Top of Material for the task

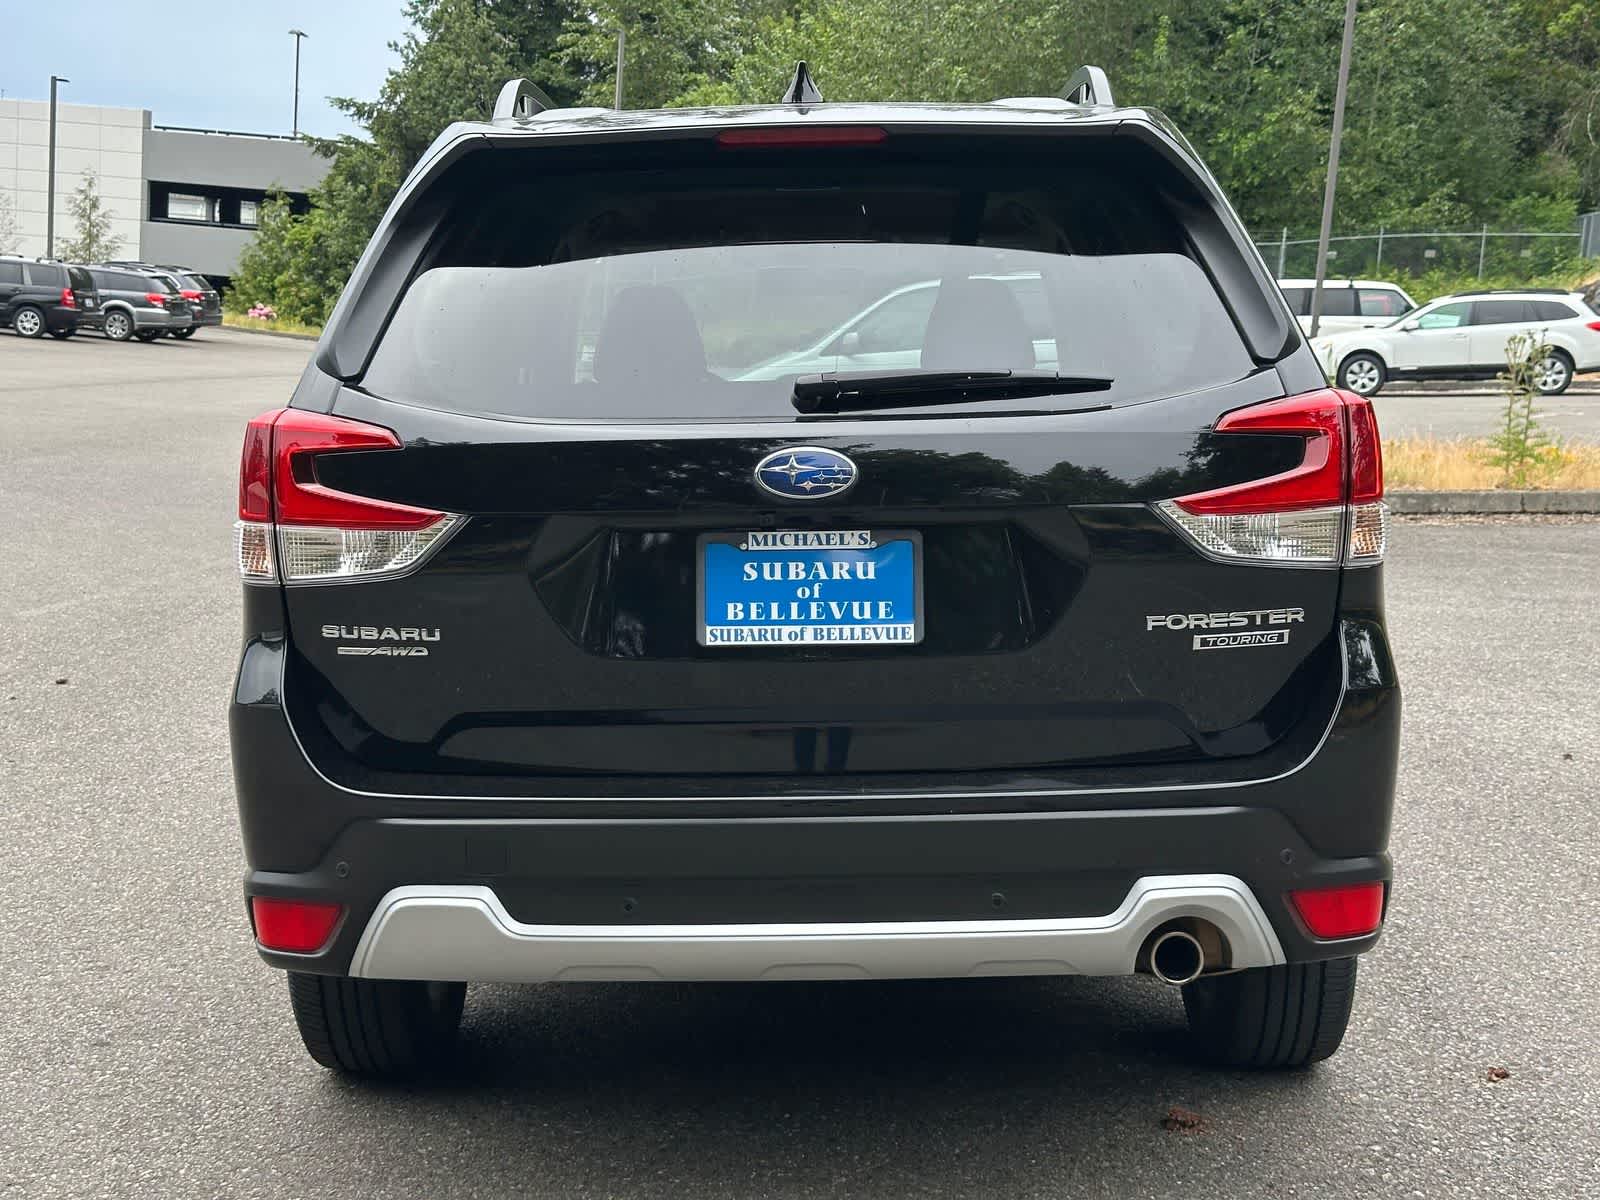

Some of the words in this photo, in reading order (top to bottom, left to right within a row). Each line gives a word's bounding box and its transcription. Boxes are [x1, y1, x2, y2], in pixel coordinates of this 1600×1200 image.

[750, 532, 870, 547] MICHAEL'S
[743, 561, 876, 581] SUBARU
[797, 583, 822, 599] of
[726, 601, 895, 621] BELLEVUE
[1146, 608, 1305, 631] FORESTER
[321, 624, 441, 641] SUBARU
[709, 627, 782, 643] SUBARU
[788, 627, 807, 641] of
[813, 626, 913, 641] BELLEVUE
[1206, 633, 1279, 647] TOURING
[370, 646, 429, 656] AWD
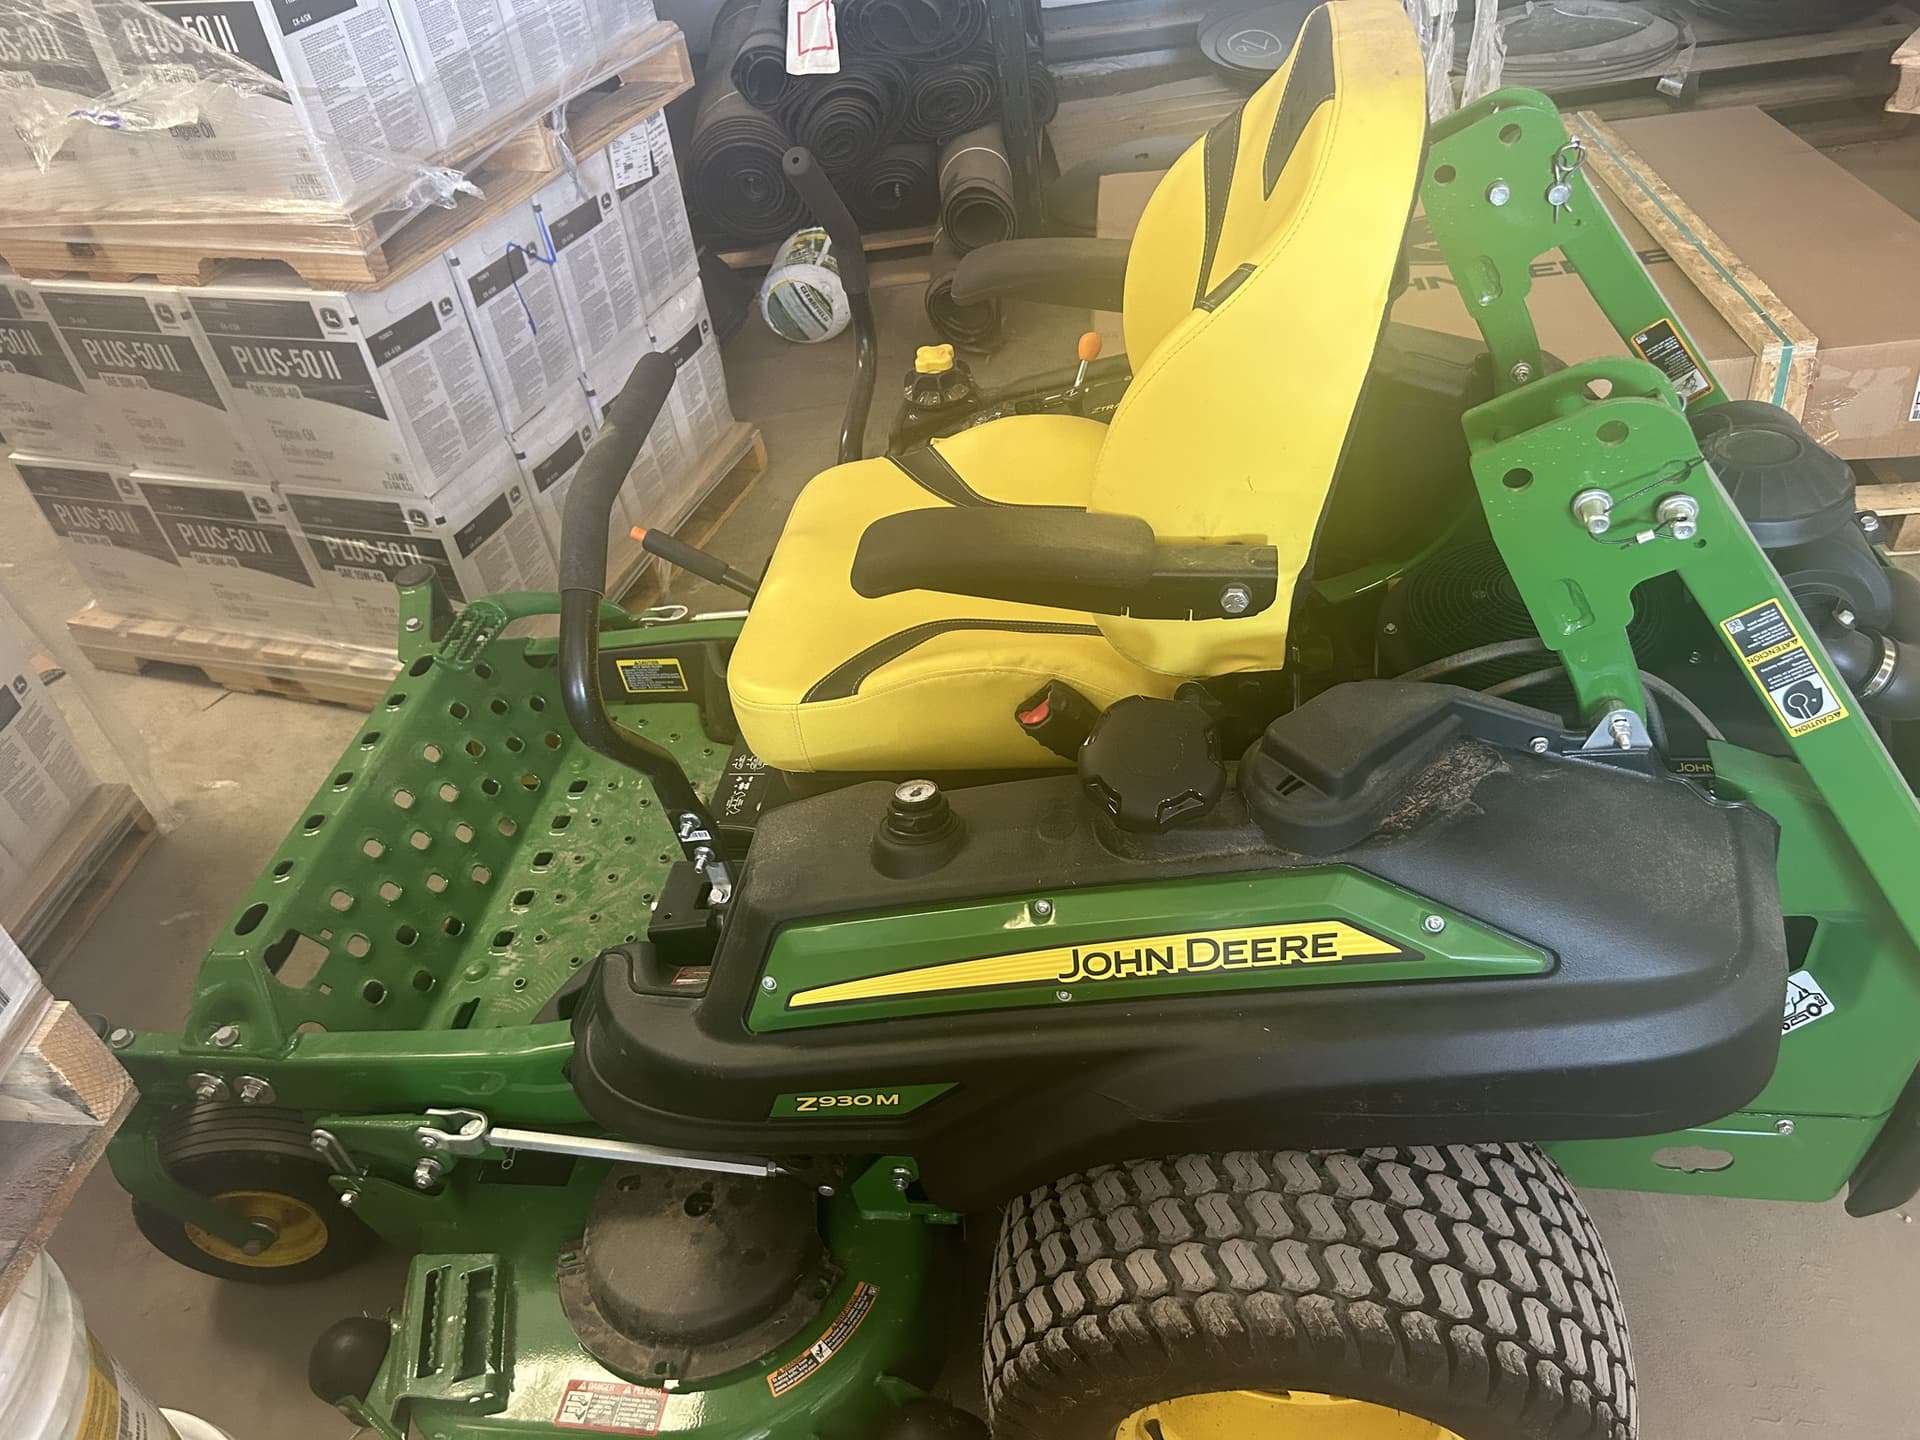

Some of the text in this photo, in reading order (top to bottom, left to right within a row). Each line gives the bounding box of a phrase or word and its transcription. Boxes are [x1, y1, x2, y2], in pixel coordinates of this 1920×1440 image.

[81, 338, 181, 372] PLUS-50 II
[230, 345, 342, 380] PLUS-50 II
[53, 503, 125, 532] PLUS-50
[177, 522, 273, 554] PLUS-50 II
[323, 536, 407, 567] PLUS-50
[1794, 713, 1834, 734] CAUTION
[1059, 932, 1338, 979] JOHN DEERE
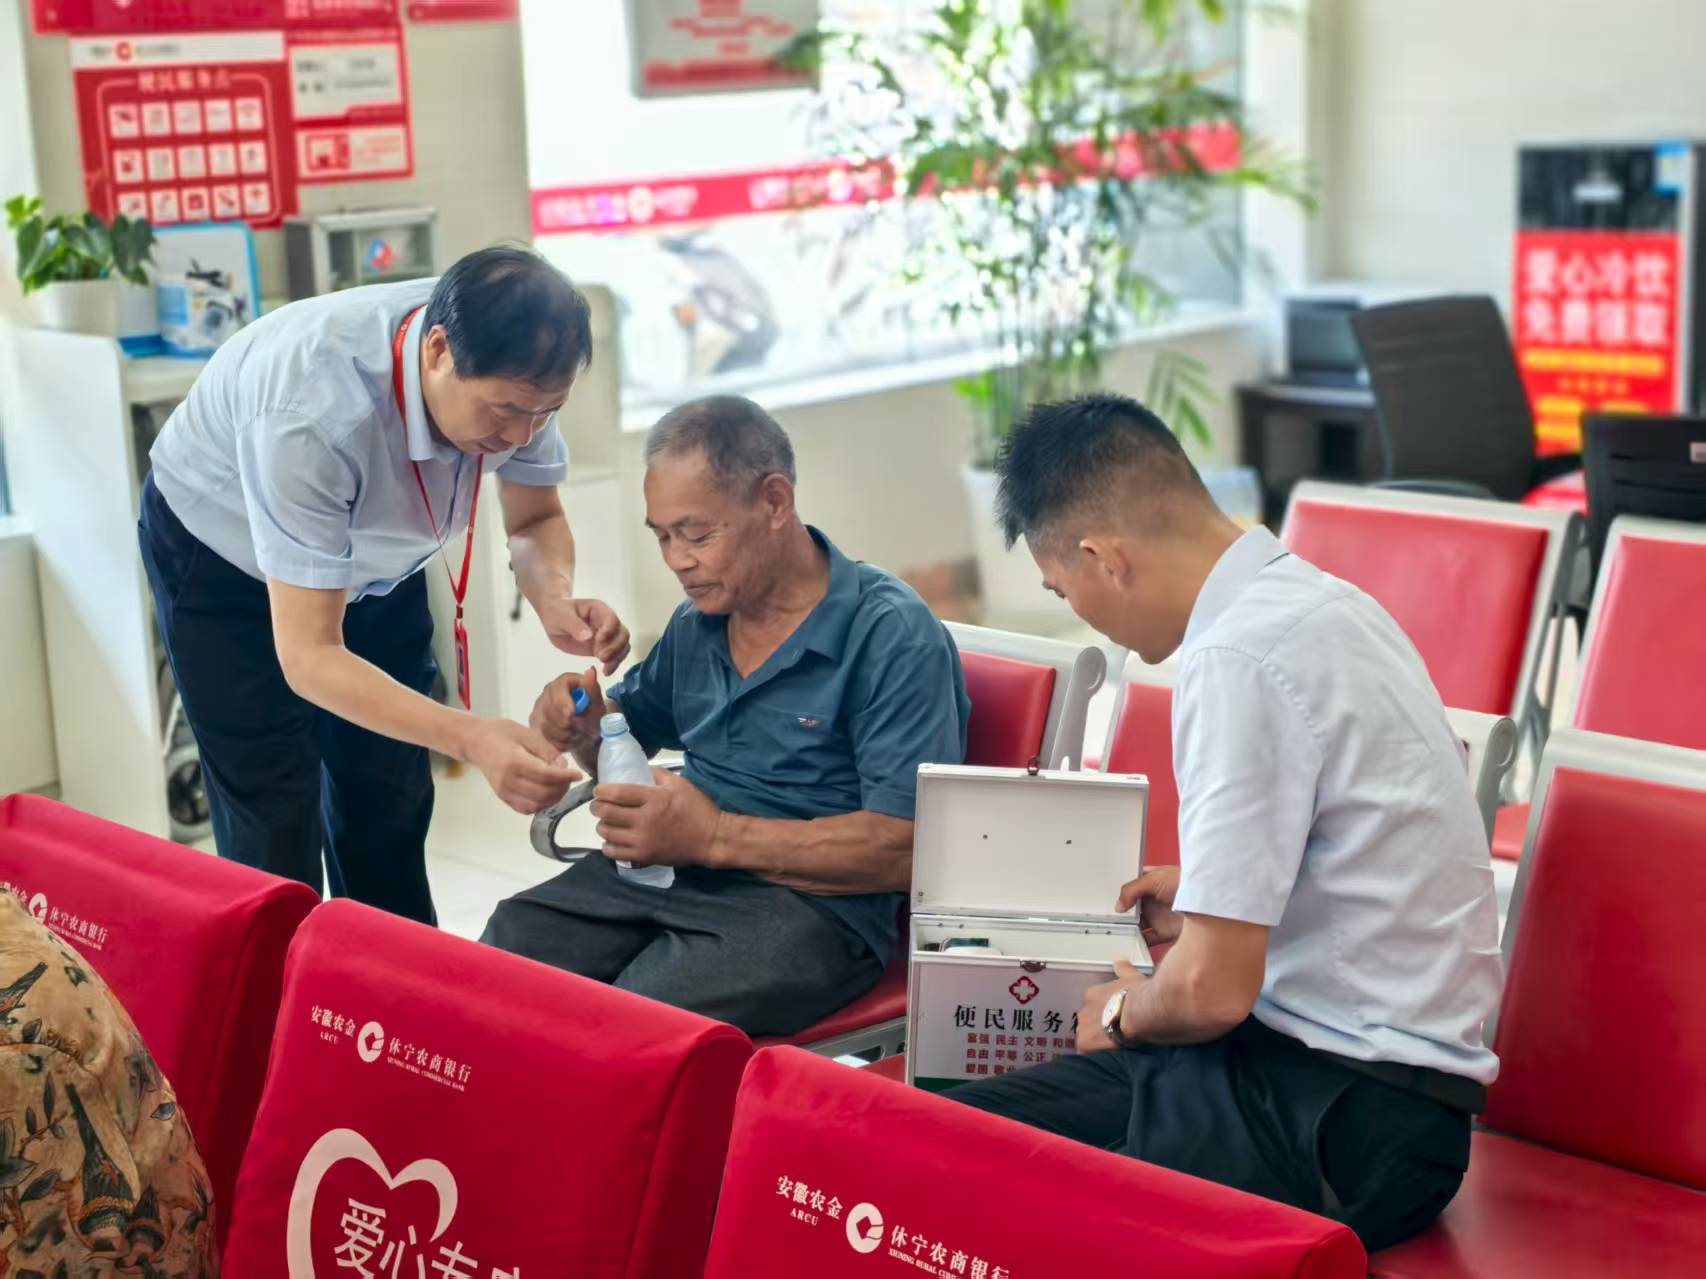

Bottom of Material for the task

#### Task prompt
Each record above must be retyped exactly. Omit the pictures.

#### Written solution
Some of the words in this photo, in reading order (top to bottom, left to right within a row). Each line gives a word's bounding box and its transcription. Boxes are [x1, y1, x2, y2], in pixel coordinates of this 1600×1200 image.

[750, 532, 870, 547] MICHAEL'S
[743, 561, 876, 581] SUBARU
[797, 583, 822, 599] of
[726, 601, 895, 621] BELLEVUE
[1146, 608, 1305, 631] FORESTER
[321, 624, 441, 641] SUBARU
[709, 627, 782, 643] SUBARU
[788, 627, 807, 641] of
[813, 626, 913, 641] BELLEVUE
[1206, 633, 1279, 647] TOURING
[370, 646, 429, 656] AWD

Some of the text in this photo, in reading order (top to bottom, left to right within a row). Each line gives the bounding box of a phrase or word and its transcription. Boxes are [x1, y1, x2, y2], in pixel coordinates of this 1920×1440 image.

[81, 338, 181, 372] PLUS-50 II
[230, 345, 342, 380] PLUS-50 II
[53, 503, 125, 532] PLUS-50
[177, 522, 273, 554] PLUS-50 II
[323, 536, 407, 567] PLUS-50
[1794, 713, 1834, 734] CAUTION
[1059, 932, 1338, 979] JOHN DEERE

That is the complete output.